Meet the Shelter Medical Team
Esha and Kassandra pose with Rambo, a CCS cat who recently received leg braces
It’s hard to say who is most valuable to an organization, but for a cat shelter, the medical and veterinary team is absolutely crucial in keeping our animals healthy. Here at Cat Care Society, six employees are responsible for the overall well-being of the cats and caring for any medical issues that come through the doors.
You may not realize that the vet team in a shelter looks very different than a traditional private vet clinic. This is because not only do they treat any current medical needs an animal has, but they’re also responsible for considering the medical pathway for a cat all the way through adoption. This dynamic team treats animals not just in our shelter, but readies them for life in a home setting. And, they have to balance this work in a noisy setting with multiple animals and people coming in and out, often with unexpected challenges to pivot around.
“The medical team in a shelter is a highly skilled team that we couldn’t do without,” said EC Michaels, CCS’ executive director. “They are asked to be on their feet while thinking big about the whole animal. When we get a cat with kidney disease, for example, they’re not just saying ‘they have kidney disease,’ but also looking at what we do to manage it here and how to educate adopters so they can manage it later. We are able to decrease the spread of contagion and increase adoptions because of this way of thinking.”
This team must also be ultra-coordinated because of the high volume of care that is needed, everyone has a role to play. The veterinary services manager oversees the whole process by scheduling the team, organizing surgical days, monitoring the shelter population, maintaining SOPs and protocols, monitoring inventory, and exploring new treatments. Our vet techs ensure the flow of animals that need treatment or surgery, run anesthesia, prioritize needs, check medications, maintain records, approve animals for adoption, and work with the foster team to build a plan for each cat. On surgery days, they ensure there is always a patient ready for a vet and administer drug protocols while the assistants monitor vitals, check diagnostics, sanitize tools and ensure the cats wake up appropriately.
Our veterinarians are able to perform about 30 spays and neuters in just one day! This happens about three times a month in the busy season and twice in the slower winter. They also do about 4.5 dental procedures a week — or 200 a year.
The medical team begins each morning by taking blood glucoses on the diabetic cats and feeding them breakfast, then providing treatments for the rest of the shelter. Then they either have scheduled surgeries, work through the CVT checklist or complete intakes on new cats. After this, they clean up the clinic and get ready for evening treatments, which includes another blood glucose reading and dinner for the diabetics, and medications for cats in the rest of the shelter.

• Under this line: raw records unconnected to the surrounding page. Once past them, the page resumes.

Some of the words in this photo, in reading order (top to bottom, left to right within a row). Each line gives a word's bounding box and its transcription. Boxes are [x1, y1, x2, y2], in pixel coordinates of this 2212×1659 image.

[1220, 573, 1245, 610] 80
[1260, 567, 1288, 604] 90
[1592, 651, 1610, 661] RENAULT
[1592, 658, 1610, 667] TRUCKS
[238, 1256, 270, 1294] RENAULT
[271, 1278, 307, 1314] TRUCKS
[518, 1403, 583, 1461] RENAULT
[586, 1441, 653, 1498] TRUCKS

On a daily basis, the medical team is constantly performing phlebotomy to obtain lab work, performing radiographs, running anesthesia for procedures, performing dental prophylaxis under the supervision of a veterinarian, performing intake exams on new cats arriving at the shelter, and making sure that our population is healthy and thriving. And of course, responding to any emergencies!

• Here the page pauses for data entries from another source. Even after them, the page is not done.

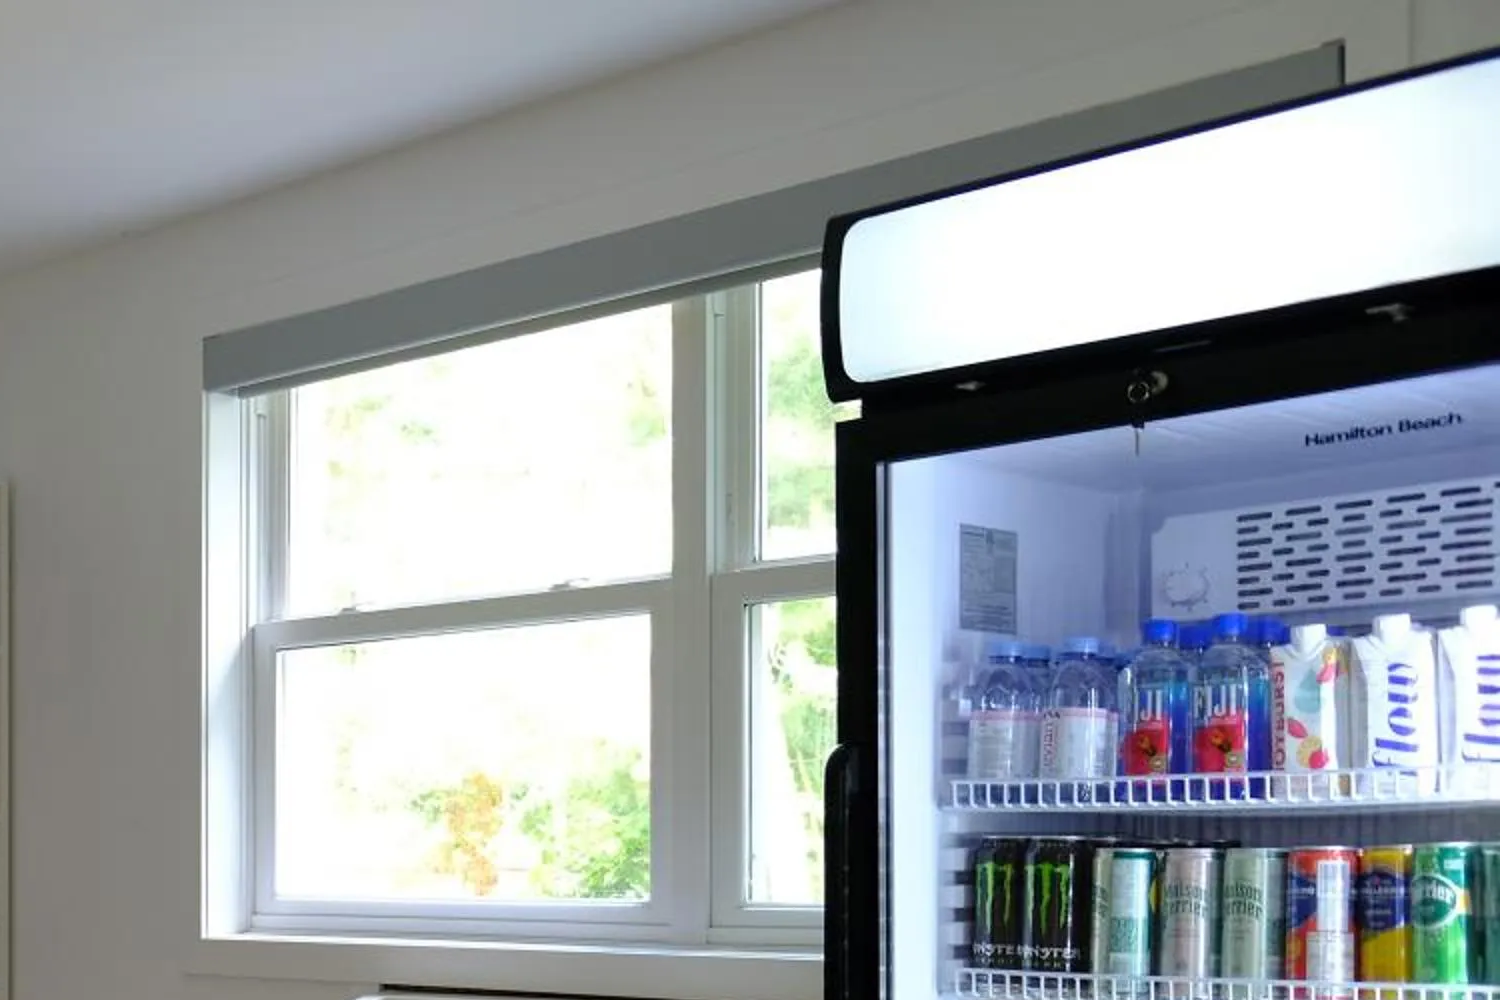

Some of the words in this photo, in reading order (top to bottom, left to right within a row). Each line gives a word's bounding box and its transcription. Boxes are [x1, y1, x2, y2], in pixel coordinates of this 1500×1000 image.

[1305, 425, 1393, 447] Hamilton
[1398, 412, 1462, 433] Beach
[1372, 663, 1419, 776] flow
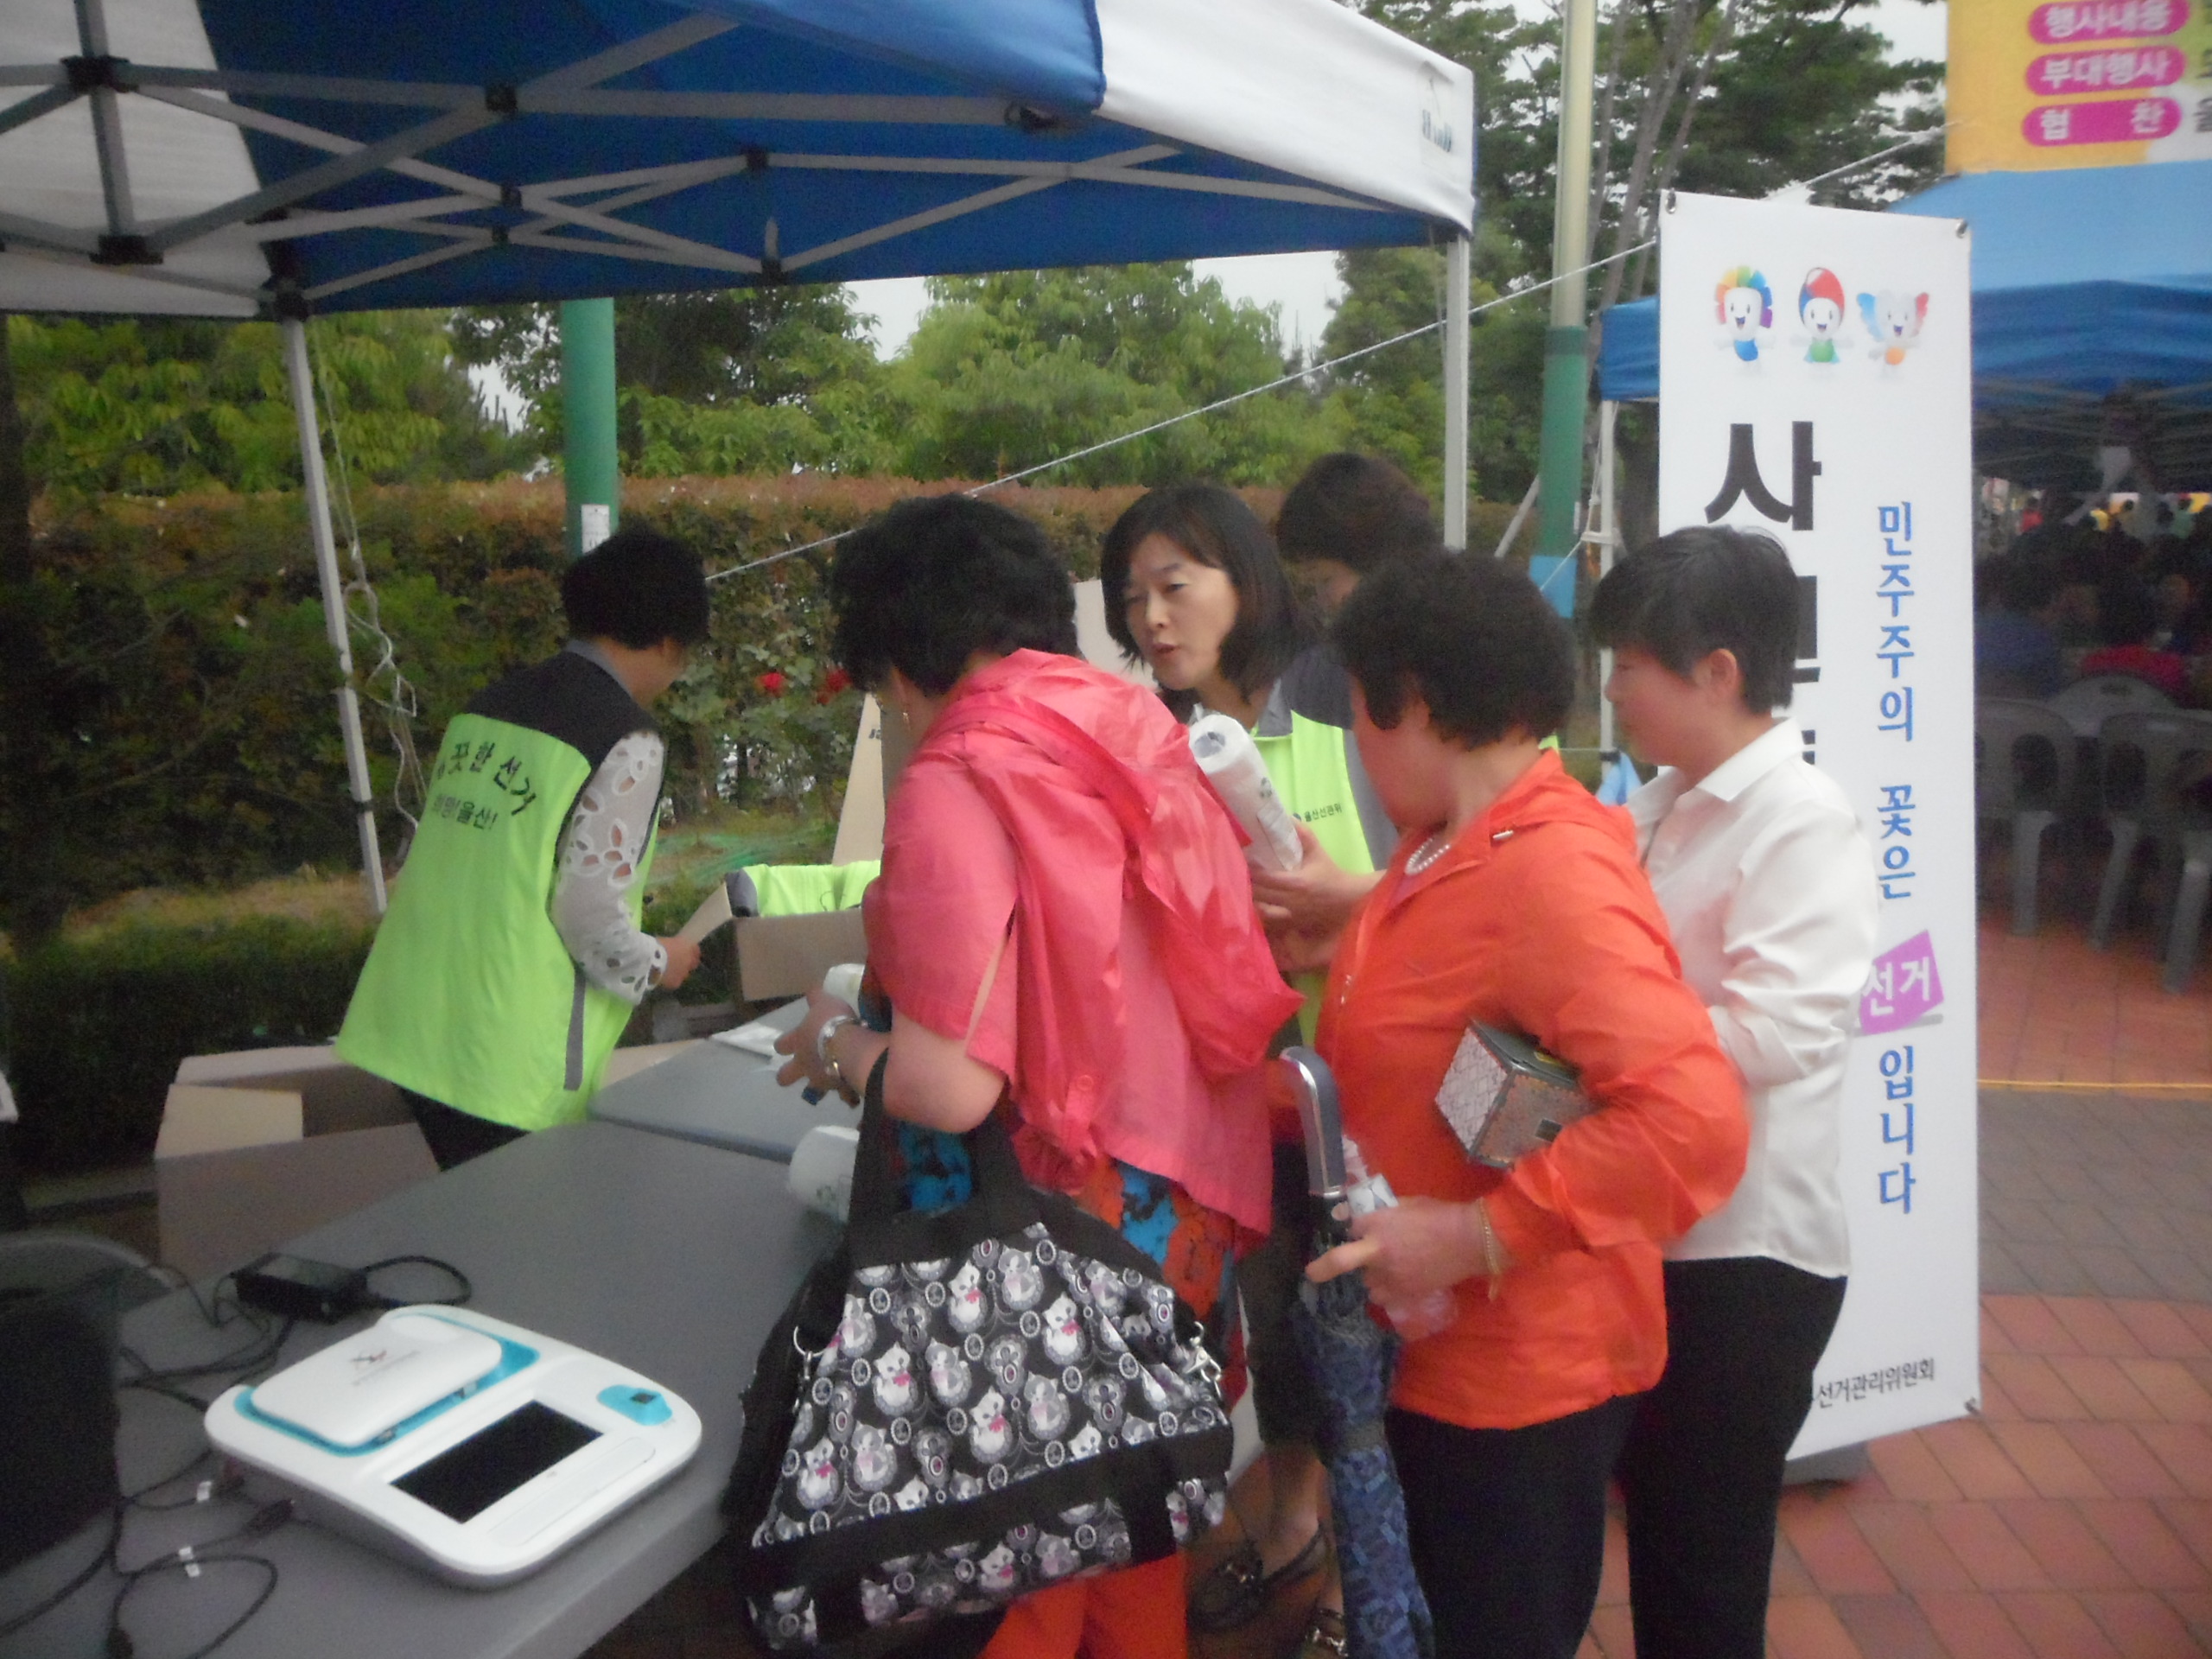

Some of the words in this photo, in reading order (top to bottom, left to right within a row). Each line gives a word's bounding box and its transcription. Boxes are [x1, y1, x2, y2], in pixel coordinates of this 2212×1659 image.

[2044, 0, 2171, 38] 행사내용
[2041, 52, 2171, 89] 부대행사
[1876, 500, 1916, 742] 민주주의
[1877, 785, 1916, 899] 꽃은
[1862, 956, 1931, 1016] 선거
[1878, 1046, 1916, 1214] 입니다
[1816, 1357, 1936, 1408] 선거관리위원회

Another misconception is that every single animal in a shelter receives a full medical exam from a veterinarian. Because our shelter vets time is so limited, we preserve the resources we have. Therefore, only cats that require their attention are escalated to a vet by the rest of the team. Our techs are responsible for intake exams, which includes a general once-over and any vaccines and dewormers. Then, they are trusted to route the animal to either the adoption floor, for behavioral attention or to receive additional vet care.
We are also proud to take on some pretty complicated medical cases that weren’t previously managed for a cat before he or she came to our shelter. We’re often able to identify the source of a cat’s medical or behavioral issue and provide medication or treatment to improve their quality of life. It’s kind of like a medical makeover or a glow up so that they leave the shelter in better shape than when they came in. A recent example of this is Rambo (pictured above), who came to us early this year with three housemates after his owner passed away. After his initial exams and bloodwork, we noticed some lameness and within a few days, a limp was isolated to his left hind leg. Rambo was discovered to be walking flat on his entire foot rather than just on his toes. We also discovered pancreatitis and early stage kidney disease. He was switched him to a new diet, which helped Rambo’s daily life. After a few months, Rambo was fitted for a leg brace thanks to the help from an orthopedic specialist. He now has increased mobility and comfort to walk around thanks to his new brace!
“Our team truly loves their patients and remembers each and every one of them,” Crystal Evans, vet services manager, said. “We provide cats with a turbulent past or medical issue that would normally not be adopted out a second chance at finding their forever homes.”
Not only is this team advocates for the voiceless, but they ensure our cats are receiving the best care possible.
The CCS medical team currently consists of seven staff members:
- Crystal Evans – Veterinary Services Manager
- Esha – Lead Registered Veterinary Technician
- Katie – Registered Veterinary Technician
- Kassandra – Lead Assistant
- Kathryn – Weekend Technician
- Dr. Cecily Palamara – Chief Veterinarian
We thank each of them for their dedication, skills and contribution to the livelihood of our cats.